## Exercise prompt
A faithful, complete copy of the entries below is required, with images removed.

## Source material
# # #

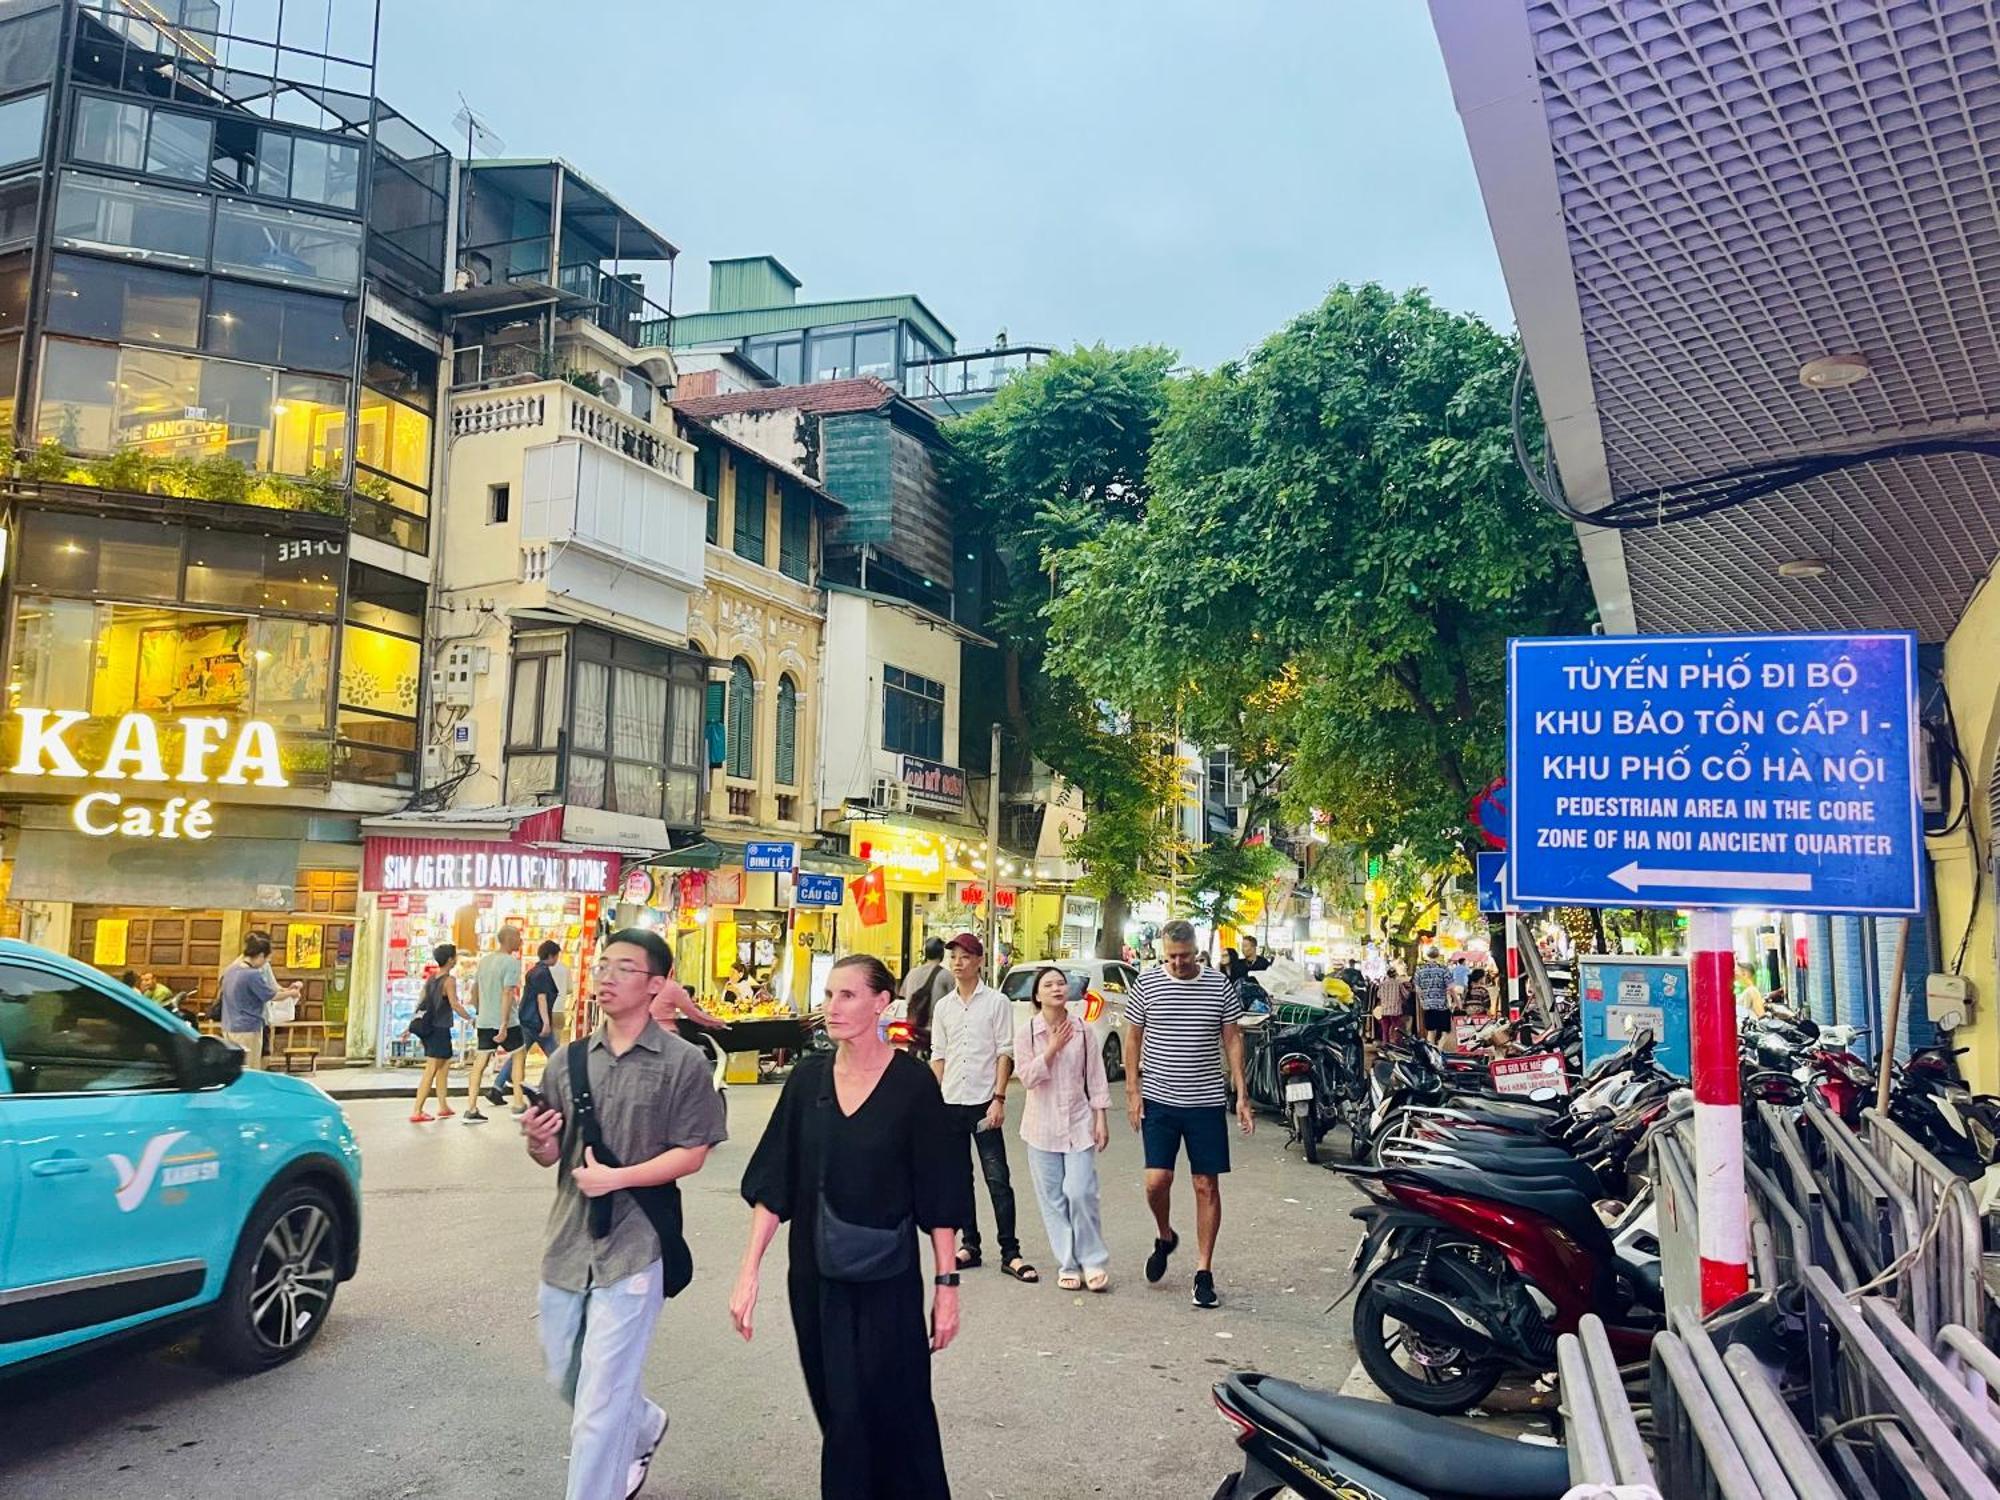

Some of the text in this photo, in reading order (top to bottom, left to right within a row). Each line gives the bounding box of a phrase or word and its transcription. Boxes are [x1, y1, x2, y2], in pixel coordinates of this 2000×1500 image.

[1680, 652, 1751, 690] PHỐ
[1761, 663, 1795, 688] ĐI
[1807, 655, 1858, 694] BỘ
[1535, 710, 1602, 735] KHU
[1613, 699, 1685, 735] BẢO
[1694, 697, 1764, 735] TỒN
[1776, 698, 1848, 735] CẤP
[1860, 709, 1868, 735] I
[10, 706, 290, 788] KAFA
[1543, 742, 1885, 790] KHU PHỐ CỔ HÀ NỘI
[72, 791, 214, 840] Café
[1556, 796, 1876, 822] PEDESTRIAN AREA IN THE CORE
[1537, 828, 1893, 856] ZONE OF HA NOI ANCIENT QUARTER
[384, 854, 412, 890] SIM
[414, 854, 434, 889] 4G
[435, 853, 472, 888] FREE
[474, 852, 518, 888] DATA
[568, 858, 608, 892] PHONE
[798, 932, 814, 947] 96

# # #

## Answer to this problem
Some of the text in this photo, in reading order (top to bottom, left to right within a row). Each line gives the bounding box of a phrase or word and its transcription. Boxes are [x1, y1, x2, y2], in pixel coordinates of this 2000×1500 image.

[1680, 652, 1751, 690] PHỐ
[1761, 663, 1795, 688] ĐI
[1807, 655, 1858, 694] BỘ
[1535, 710, 1602, 735] KHU
[1613, 699, 1685, 735] BẢO
[1694, 697, 1764, 735] TỒN
[1776, 698, 1848, 735] CẤP
[1860, 709, 1868, 735] I
[10, 706, 290, 788] KAFA
[1543, 742, 1885, 790] KHU PHỐ CỔ HÀ NỘI
[72, 791, 214, 840] Café
[1556, 796, 1876, 822] PEDESTRIAN AREA IN THE CORE
[1537, 828, 1893, 856] ZONE OF HA NOI ANCIENT QUARTER
[384, 854, 412, 890] SIM
[414, 854, 434, 889] 4G
[435, 853, 472, 888] FREE
[474, 852, 518, 888] DATA
[568, 858, 608, 892] PHONE
[798, 932, 814, 947] 96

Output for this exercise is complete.